Carcinogene Nitro-PAK müssen zu elektrophilen Zwischenstufen metabolisiert werden um ihre genotoxische und carcinogene Wirkung über die Bildung von DNA-Addukten entfalten zu können. Diese metabolische Aktivierung führt entweder über eine Reduktion der Nitrogruppe oder bzw. und eine Oxidation am Ringsystem (Purohit & Basu, 2000). Katalysiert wird die Nitroreduktion sowohl durch cytosolische als auch durch mikrosomale Enzyme wie Aldehyd-Oxidase, Xanthin Oxidase, DT-Diaphorase und die Cytochrom P450 Enzyme. Weitere Biotransformationen durch Phase II-Enzyme wie N,O-Acetyltransferasen (NATs) oder Sulfotransferasen (SULTs), die zu reaktiven Estern führen, die durch Hydrolyse zu elektrophilen adduktbildenden Nitreniumionen zerfallen, sind ebenfalls möglich.
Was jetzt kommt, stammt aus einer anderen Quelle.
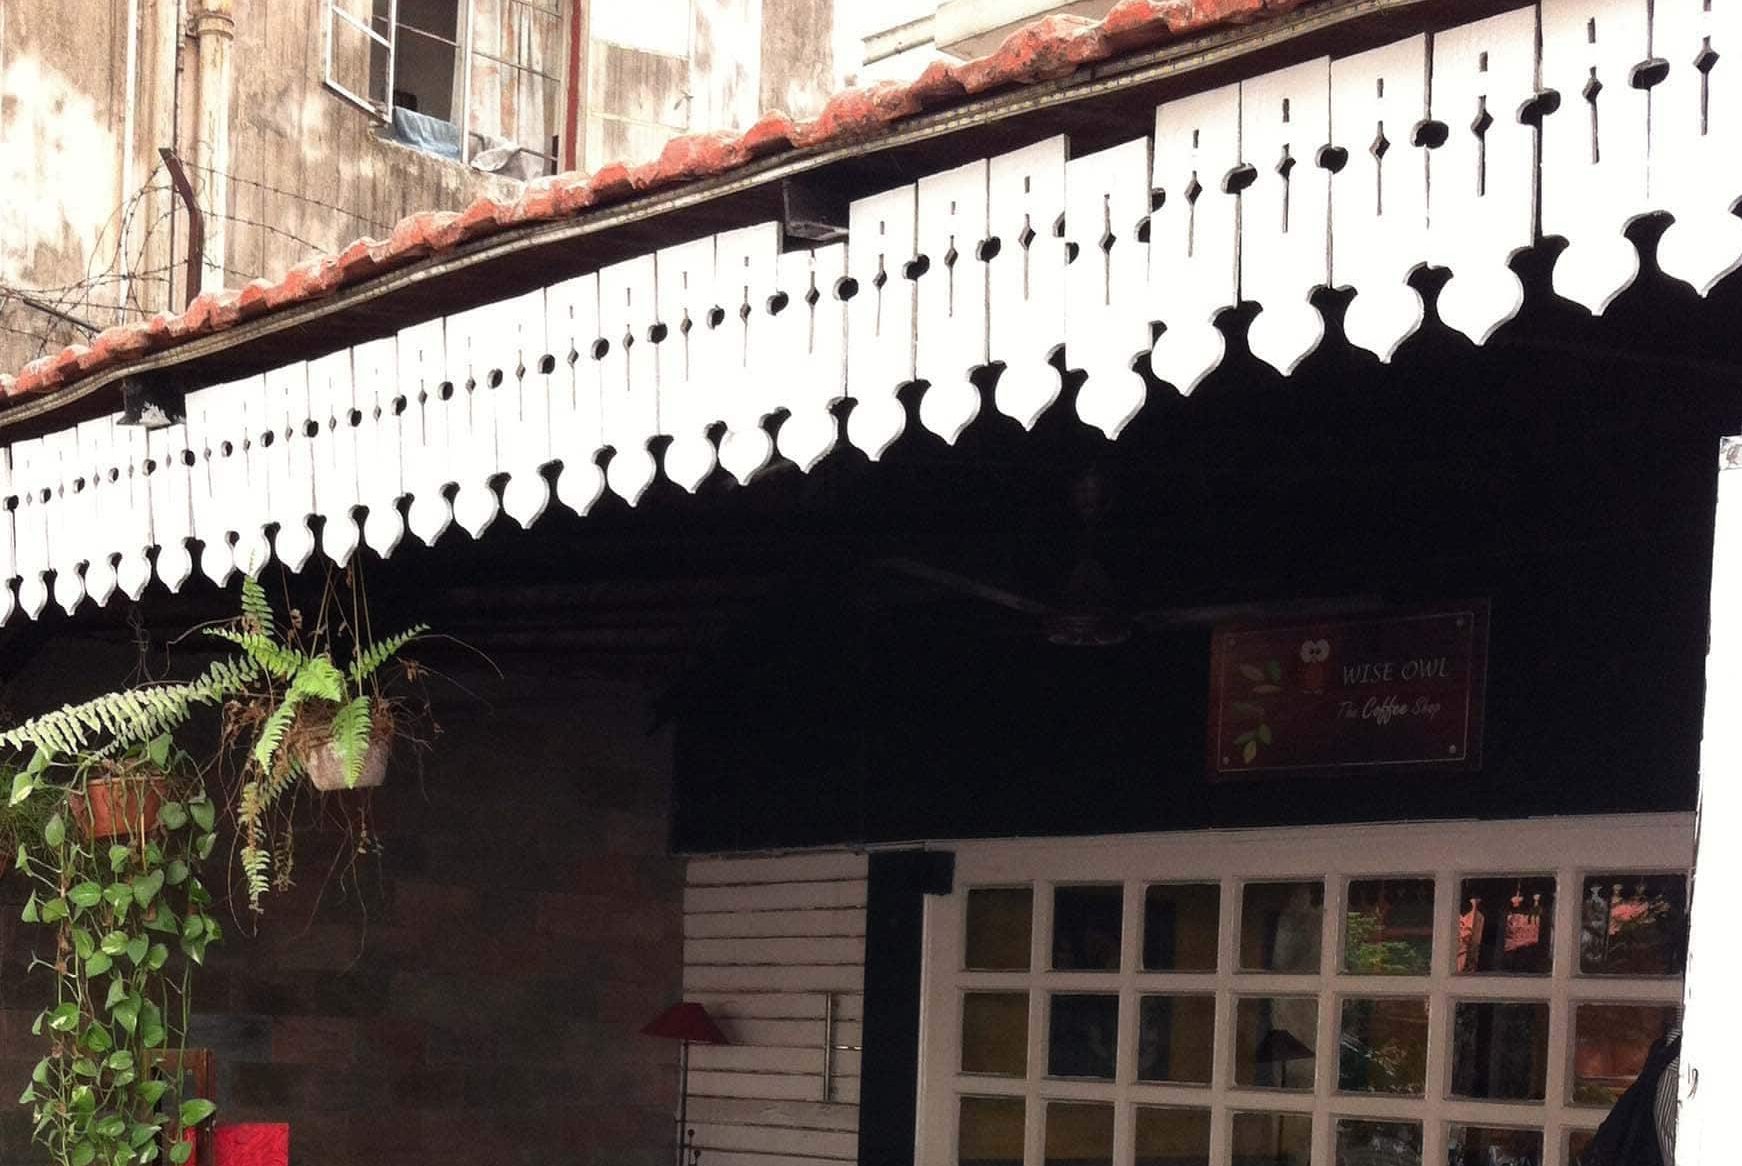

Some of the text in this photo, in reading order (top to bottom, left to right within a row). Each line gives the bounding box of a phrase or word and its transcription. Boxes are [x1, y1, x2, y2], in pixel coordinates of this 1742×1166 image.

[1343, 657, 1450, 687] WISE OWL
[1362, 696, 1408, 726] Coffee
Kürzlich konnten wir zeigen, dass sowohl O-Acetylierung durch humane NAT1 und NAT2 als auch O-Sulfonierung durch humane SULT1A1 und humane SULT1A2 erheblich zu der starken genotoxischen und mutagenen Wirkung von 3-NBA beitragen (Arlt et al., 2002; Arlt et al., 2003).

Da viele Gene der Enzyme des Fremdstoffmetabolismus in verschiedenen Varianten existieren und dadurch unterschiedliche Enzymaktivitäten aufweisen, ist zur Abschätzung der individuellen Suszeptibilität gegenüber 3-NBA die Bestimmung derjenigen humanen Enzyme nötig, welche an der Aktivierung von 3-NBA beteiligt sind. Deshalb wurde in der vorliegenden Studie untersucht in wieweit der Mensch in der Lage ist 3-NBA zu aktivieren und versucht, die Enzyme, die an der DNA-Adduktbildung von 3-NBA beteiligt sind, zu identifizieren.
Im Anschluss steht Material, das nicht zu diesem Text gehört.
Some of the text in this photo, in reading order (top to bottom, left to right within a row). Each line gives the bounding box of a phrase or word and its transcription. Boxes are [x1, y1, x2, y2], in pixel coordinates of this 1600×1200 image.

Ein weiteres Ziel dieses Projektes war, die genotoxische Wirkung von 3-NBA in vivo nach Applikation in die Lunge an Ratten zu untersuchen. Hierzu wurde die DNA-Adduktbildung von 3-NBA nach intratrachealer Instillation mit dem 32P-postlabeling Verfahren in mehreren Organen und im Blut der Ratte bestimmt. Ferner wurde die Persistenz der gebildeten 3-NBA-DNA-Addukte mit dem gleichen Verfahren ermittelt. Die DNA-Adduktbildung von 3-NBA in der Ratte nach oraler oder intraperitonealer Gabe wurde von uns bereits studiert (Arlt et al., 2001; Arlt et al., 2003). Die Ergebnisse dieser Arbeiten zeigten, dass das gleiche DNA-Adduktmuster, bestehend aus mehreren 3-NBA spezifischen DNA-Addukten, in verschiedenen Organen der Ratte sowohl nach oraler als auch nach intraperitonealer Applikation gebildet wird. Da aber Luftschadstoffe wie 3-NBA hauptsächlich durch Inhalation aufgenommen werden, war eine Applikation in die Lunge zur Simulierung der humanen Expositionssituation angebracht. Die Exposition durch Inhalation ist am besten geeignet die humane Situation nachzustellen, benötigt aber eine spezielle Ausrüstung um eine Expositions-Atmosphäre zu erzeugen. Deshalb wurde von uns die direkte Instillation in die Lunge wie in vielen anderen Studien auch als Alternative zur Inhalation gewählt (Driscoll et al., 2000). Ein entscheidender Vorteil der Instillation gegenüber der Inhalation ist, dass die tatsächlich in die Lunge applizierte Dosis bekannt ist.

Durch die Bestimmung des genotoxischen Potentials, DNA-Adduktbildung und Addukt-Persistenz, von 3-NBA im Säugerorganismus nach intratrachealer Instillation, sowie die Aufklärung des zugrunde liegenden molekularen Aktivierungsmechanismus sollten unsere Untersuchungen dazu dienen ein mögliches Krebsrisiko durch 3-NBA-Exposition besser abschätzen zu können.